◆ **What you should do**
Restate the records in full and exactly, with no images included.

◆ **Supplied records**

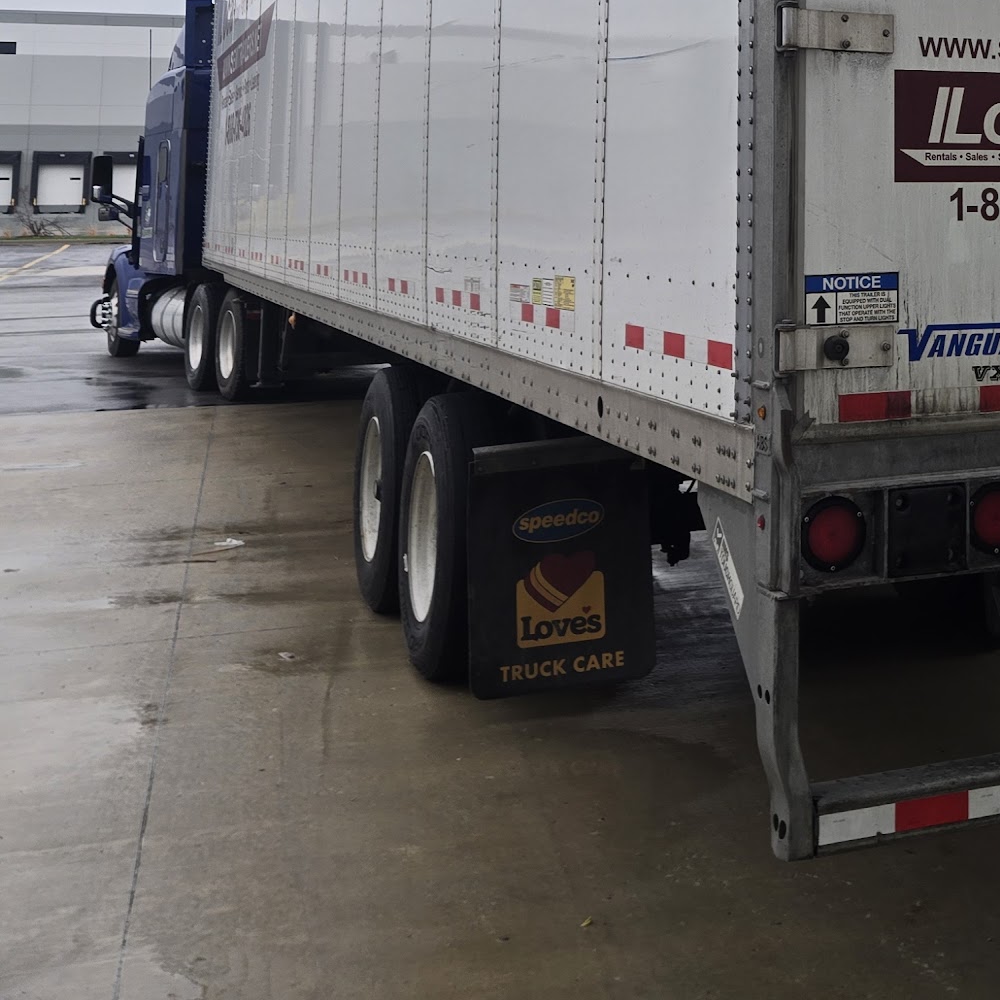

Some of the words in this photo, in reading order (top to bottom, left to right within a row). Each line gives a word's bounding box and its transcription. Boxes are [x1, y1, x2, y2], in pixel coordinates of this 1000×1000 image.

[925, 152, 957, 162] Rentals
[965, 152, 988, 162] Sales
[823, 276, 881, 290] NOTICE
[519, 508, 599, 533] speedco
[500, 659, 566, 682] TRUCK
[573, 651, 625, 672] CARE

◆ **Output of the exercise**
Some of the words in this photo, in reading order (top to bottom, left to right within a row). Each line gives a word's bounding box and its transcription. Boxes are [x1, y1, x2, y2], in pixel coordinates of this 1000×1000 image.

[925, 152, 957, 162] Rentals
[965, 152, 988, 162] Sales
[823, 276, 881, 290] NOTICE
[519, 508, 599, 533] speedco
[500, 659, 566, 682] TRUCK
[573, 651, 625, 672] CARE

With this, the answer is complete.